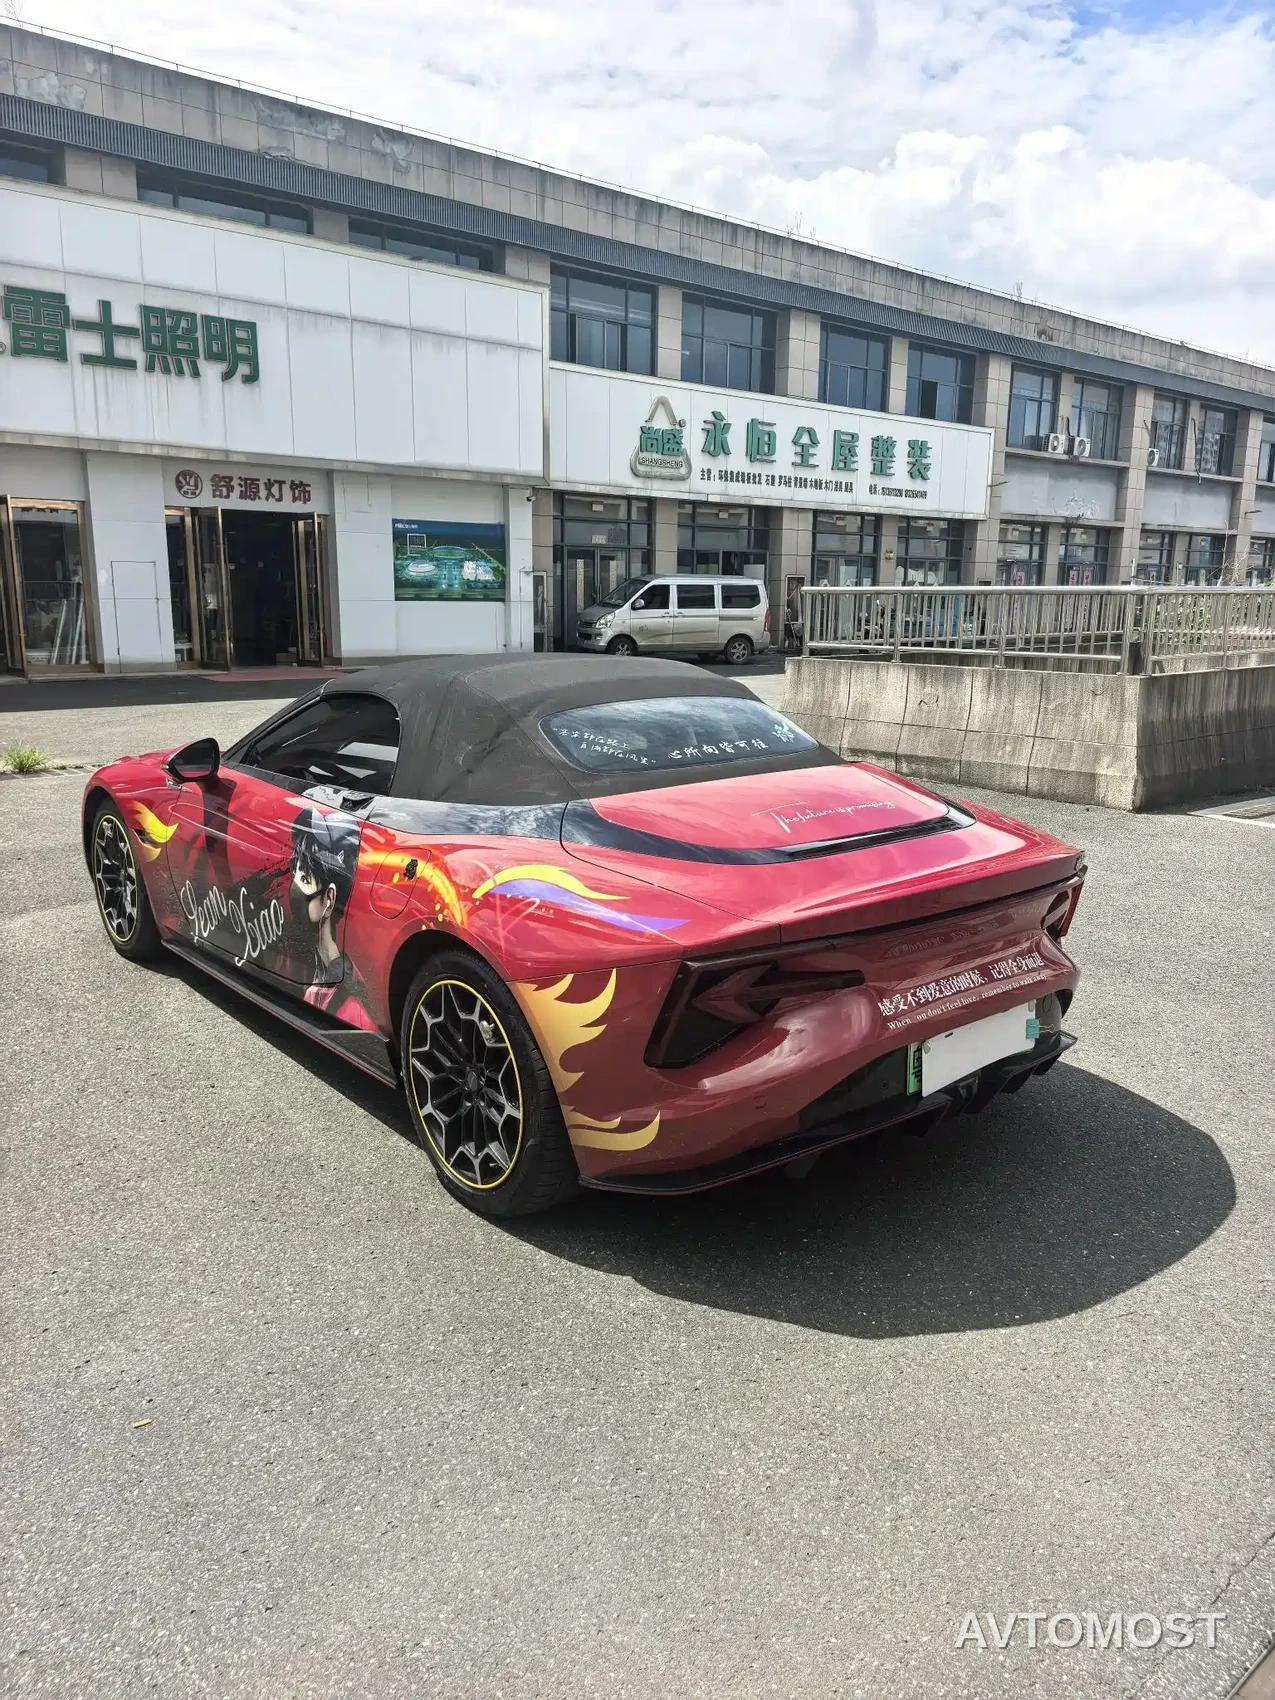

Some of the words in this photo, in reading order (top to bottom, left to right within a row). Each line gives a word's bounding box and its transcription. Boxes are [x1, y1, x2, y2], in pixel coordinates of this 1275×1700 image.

[3, 285, 260, 384] 雷士照明
[640, 425, 684, 457] 尚盛
[701, 410, 933, 481] 永恒全屋整装
[641, 456, 684, 468] SHANGSHENG
[210, 473, 312, 504] 舒源灯饰
[887, 1017, 912, 1030] When
[914, 1012, 927, 1021] ou
[927, 1004, 945, 1017] don't
[944, 999, 961, 1011] feel
[981, 984, 1012, 999] remember
[1011, 981, 1020, 989] to

* Directions:
The listing above must be repeated exactly, apart from the pictures.

* Task answer:
Some of the words in this photo, in reading order (top to bottom, left to right within a row). Each line gives a word's bounding box and its transcription. Boxes are [x1, y1, x2, y2], in pixel coordinates of this 1275×1700 image.

[3, 285, 260, 384] 雷士照明
[640, 425, 684, 457] 尚盛
[701, 410, 933, 481] 永恒全屋整装
[641, 456, 684, 468] SHANGSHENG
[210, 473, 312, 504] 舒源灯饰
[887, 1017, 912, 1030] When
[914, 1012, 927, 1021] ou
[927, 1004, 945, 1017] don't
[944, 999, 961, 1011] feel
[981, 984, 1012, 999] remember
[1011, 981, 1020, 989] to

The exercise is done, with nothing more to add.